Academia is merely one way to distinguish yourself, and there are plenty of other ways. So if your GPA or your school doesn't stand out, look for additional avenues. Besides, you'll need to excel in multiple areas to get your resume selected.
A degree from an elite college doesn't get you in the door, but it does make it easier for you to get noticed. If you go to a smaller or lesser known school, there are still plenty of avenues.
Ben, a student at a small liberal arts school in Indiana, got recommended for a Microsoft internship through his professor. Once he was in the door, his college name stopped mattering, and it all came down to his interview—and his internship. “After I finished my internship, they worked hard to recruit me for a full-time position,” Ben says. His coworkers couldn't care less about what college name was on his diploma.

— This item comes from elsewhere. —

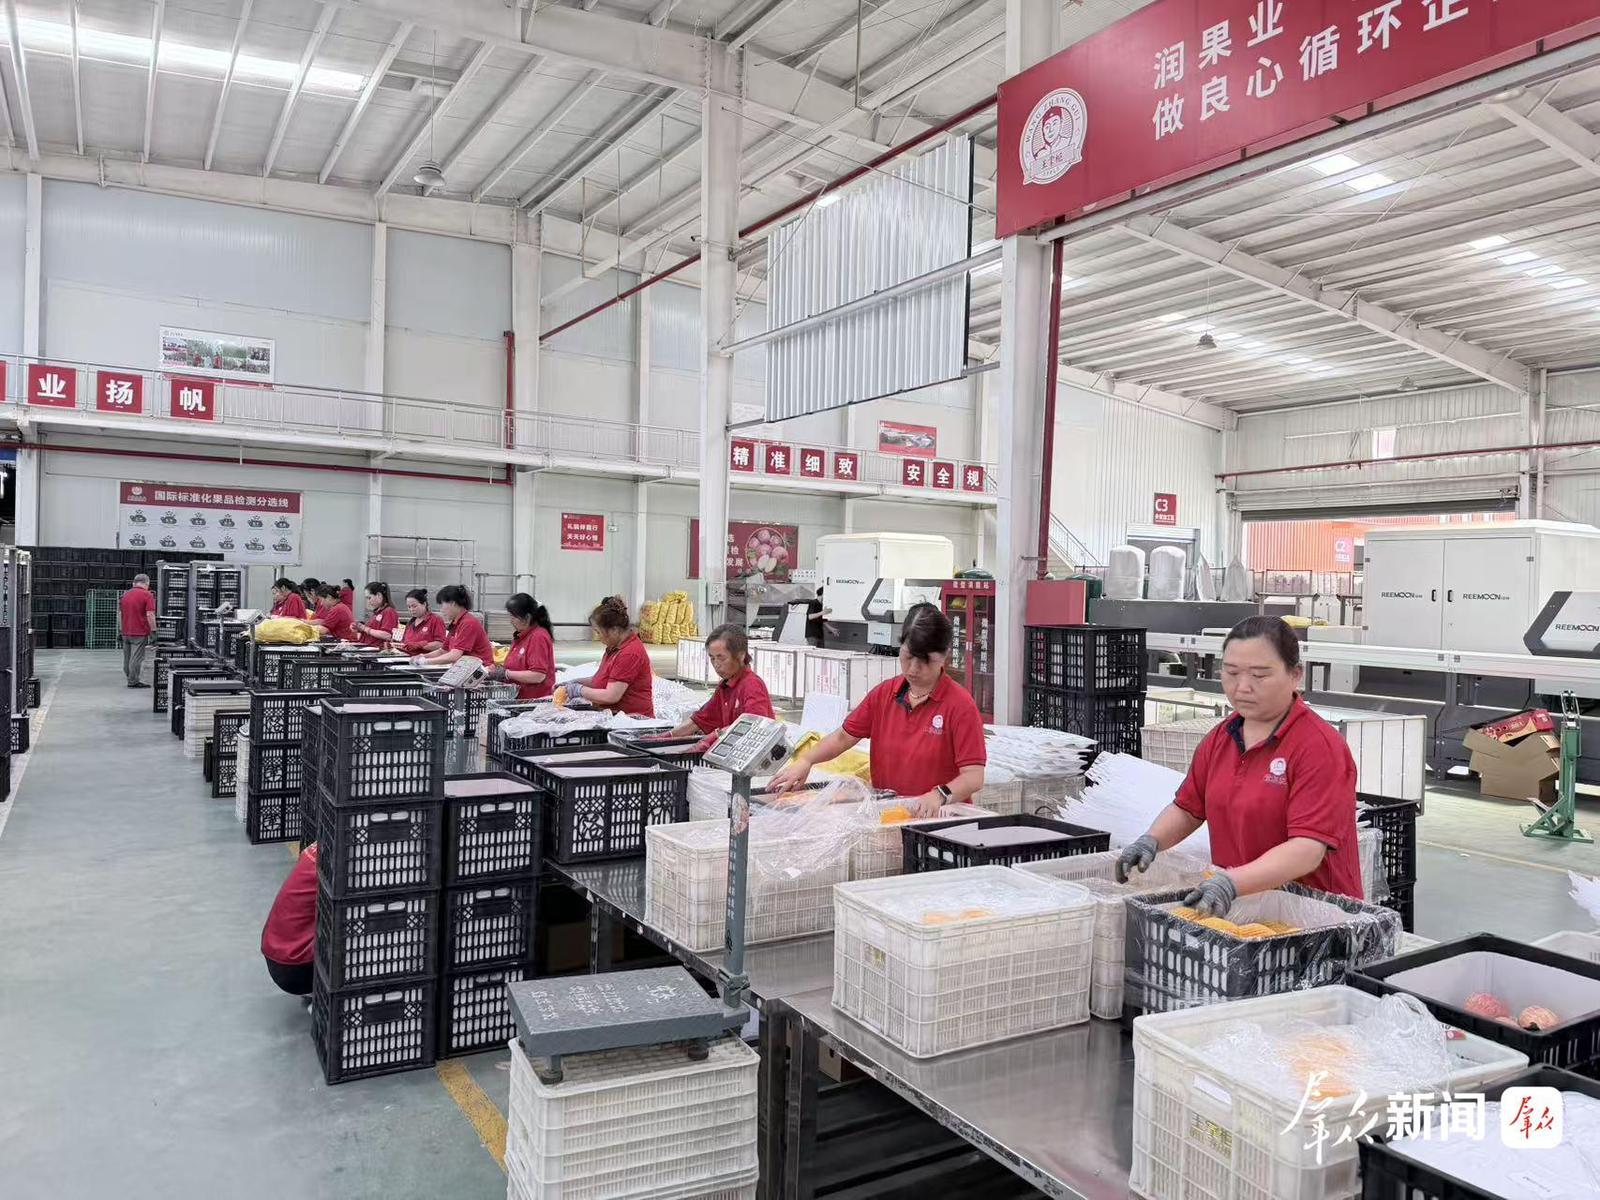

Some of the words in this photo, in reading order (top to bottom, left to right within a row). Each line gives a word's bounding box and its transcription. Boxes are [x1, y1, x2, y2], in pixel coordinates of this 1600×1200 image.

If your school isn't nationally known with the prestige of a Harvard or MIT, reach out to your professors or your college's alumni network for connections. Or, you can try to build those connections yourself by seeking out mentors or advice from people in the field.
Although some well-meaning people will advise you to find a major that you love, that isn't the best career advice.
If you want to get a job at a top tech company, some majors will simply make it easier to get in. The more directly applicable your major is, the better. Computer science, marketing, finance, and accounting majors will have a much easier time getting their resume noticed than, say, a history major. After all, they have academic experience, and possibly other work experience, that lends itself to a specific role.
Even majors that aren't necessarily directly applicable (like mathematics, in most cases) can still show rigor.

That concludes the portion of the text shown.